Fonda scored a hit with the 1974 outlaws-on-the-run romp Dirty Mary, Crazy Larry and in 1979 stirred controversy by directing Wanda Nevada, in which his character romanced a 13-year-old Brooke Shields — it’s also the only film in which Peter and Henry ever appeared together. Through the next decades, Peter danced through various genres: action (The Cannonball Run), horror (Spasms), drama (Bodies, Rest & Motion, alongside his daughter Bridget Fonda) and a role in the TV series In the Heat of the Night. But he was losing career momentum, stifled by films that went straight to video or oblivion.

That all changed in 1997, when Fonda scored a major career comeback with Ulee’s Gold, a low-budget indie from director Victor Nuñez in which he plays Florida beekeeper Ulysses “Ulee” Jackson, a widower and Vietnam vet raising two troubled granddaughters. What Jackson can’t do is open up emotionally (shades of Henry). At the Sundance Film Festival where Ulee’s Gold debuted, Fonda admitted he felt his father inhabiting the stoic everyman hero. In this internalized, character-driven gem, the then–58-year-old gave the best and most moving performance of his career. Fonda remembers the “glow” he felt when he received an Oscar nomination as Best Actor. It’s a wry irony that he lost the gold to his Easy Rider pal Jack Nicholson for As Good As It Gets, bringing his career around to the film that made them both stars.

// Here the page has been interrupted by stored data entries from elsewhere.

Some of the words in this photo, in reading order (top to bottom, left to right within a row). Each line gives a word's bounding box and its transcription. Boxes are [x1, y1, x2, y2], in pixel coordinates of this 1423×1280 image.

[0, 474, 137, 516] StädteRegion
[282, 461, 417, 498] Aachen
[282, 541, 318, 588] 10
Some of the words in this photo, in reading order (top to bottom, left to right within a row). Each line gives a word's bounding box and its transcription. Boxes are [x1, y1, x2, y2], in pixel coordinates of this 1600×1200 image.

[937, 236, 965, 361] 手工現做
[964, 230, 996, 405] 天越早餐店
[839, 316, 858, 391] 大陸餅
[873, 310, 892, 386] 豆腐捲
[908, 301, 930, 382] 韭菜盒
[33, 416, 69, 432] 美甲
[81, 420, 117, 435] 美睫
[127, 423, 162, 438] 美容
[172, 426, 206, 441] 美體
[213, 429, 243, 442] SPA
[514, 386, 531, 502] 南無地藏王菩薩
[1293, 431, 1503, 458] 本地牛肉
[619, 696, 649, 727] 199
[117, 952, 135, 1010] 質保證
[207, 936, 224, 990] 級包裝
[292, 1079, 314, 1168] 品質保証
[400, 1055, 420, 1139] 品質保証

Fonda never held a grudge against Easy Rider for cementing his image in the public mind. His love of bikes (“riding them gives me focus”) got him inducted into the AMA Motorcycle Hall of Fame. Working in films as varied as 3:10 to Yuma to the upcoming The Last Full Measure, Fonda remained the man his sister Jane eulogizes as “my sweet-hearted baby brother, the talker in the family.” The talk sometimes got him in trouble, most recently for tweeting against Trump for separating children from their parents at the Mexican border, writing that we should rip Barron Trump from the arms of his parents and “put him in a cage with pedophiles.” A regretful Fonda quickly deleted the tweet and apologized. But he stayed passionate until the end, about family, friends, politics, movies, and most tellingly people he didn’t know. “How can I help?” was a phrase you often heard pass his lips.

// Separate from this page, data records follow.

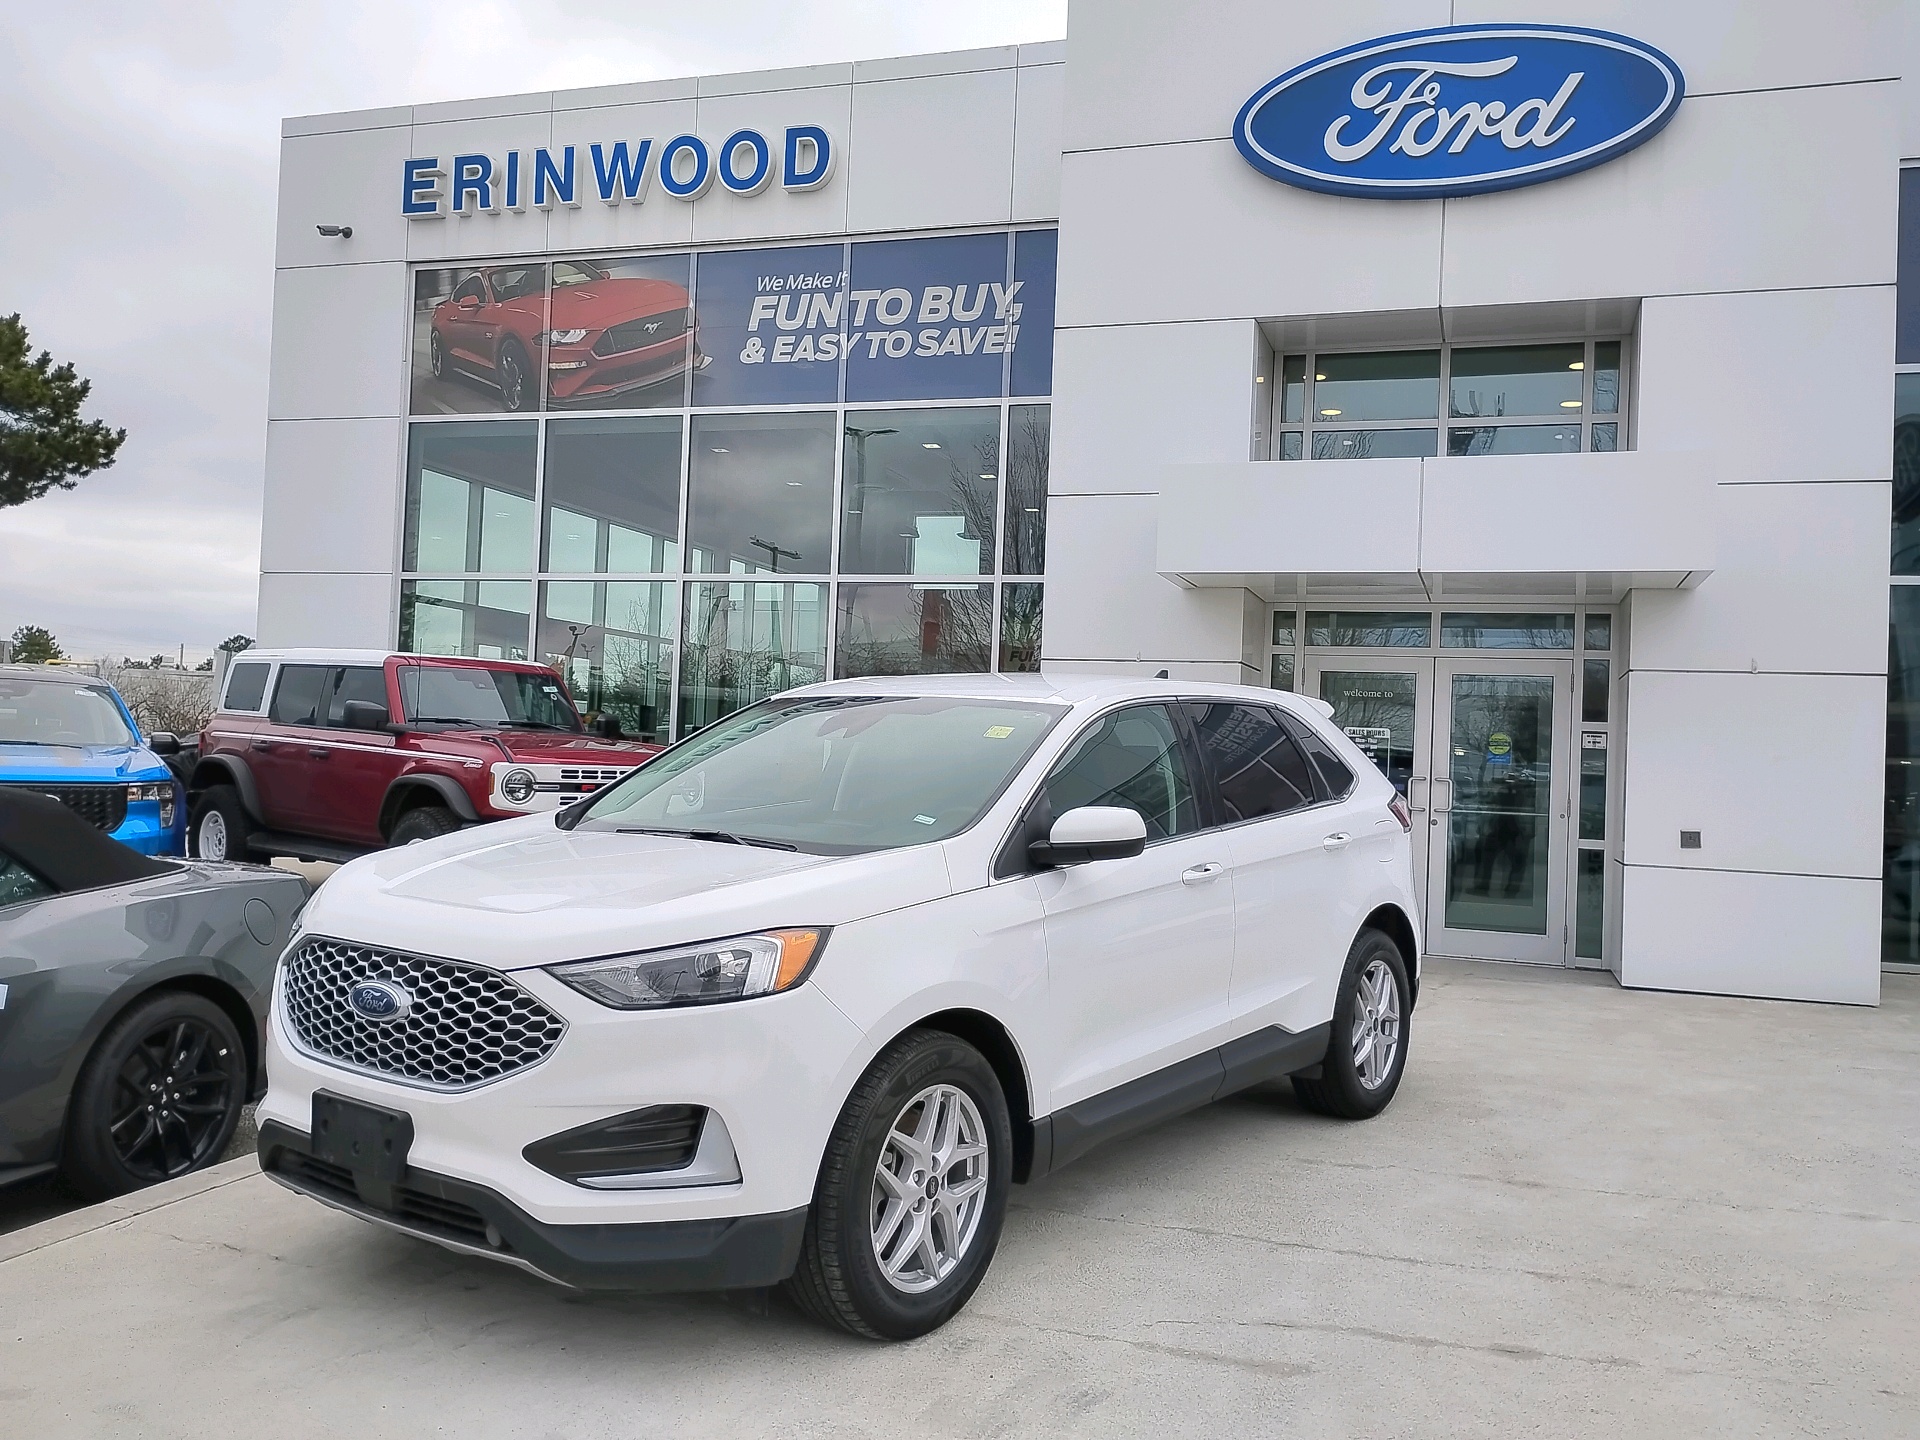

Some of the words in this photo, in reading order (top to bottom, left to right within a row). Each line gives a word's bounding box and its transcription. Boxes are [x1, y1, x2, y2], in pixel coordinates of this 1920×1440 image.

[1323, 55, 1585, 163] Ford
[402, 123, 836, 219] ERINWOOD
[757, 275, 783, 292] We
[786, 272, 833, 291] Make
[836, 270, 849, 287] It
[748, 292, 844, 331] FUN
[849, 288, 913, 327] TO
[739, 336, 765, 364] &
[771, 332, 863, 363] EASY
[865, 330, 912, 359] TO
[914, 324, 1020, 357] SAVE!
[1343, 688, 1382, 698] welcome
[1384, 690, 1394, 698] to
[1347, 728, 1366, 736] SALES
[358, 988, 388, 1012] Ford

When I Iast saw him, about a year ago, he was planning new projects and fresh mischief. “I’m working at it,” he said with that infectious smile. Remembering Peter Fonda means recalling his kindness, a generosity of spirit rare in ego-drenched Hollywood. At the end of Easy Rider, it’s Fonda’s Wyatt who rides back for help when those gun-crazy rednecks blast Billy off his bike. The final image of the film is Wyatt and Captain America going up in flames.” Fonda never saw the ending as hopeless. “It’s a bonfire,” he said. “Still burning.” That’s the attitude that makes the memory of the personal and public Peter Fonda an everlasting flame.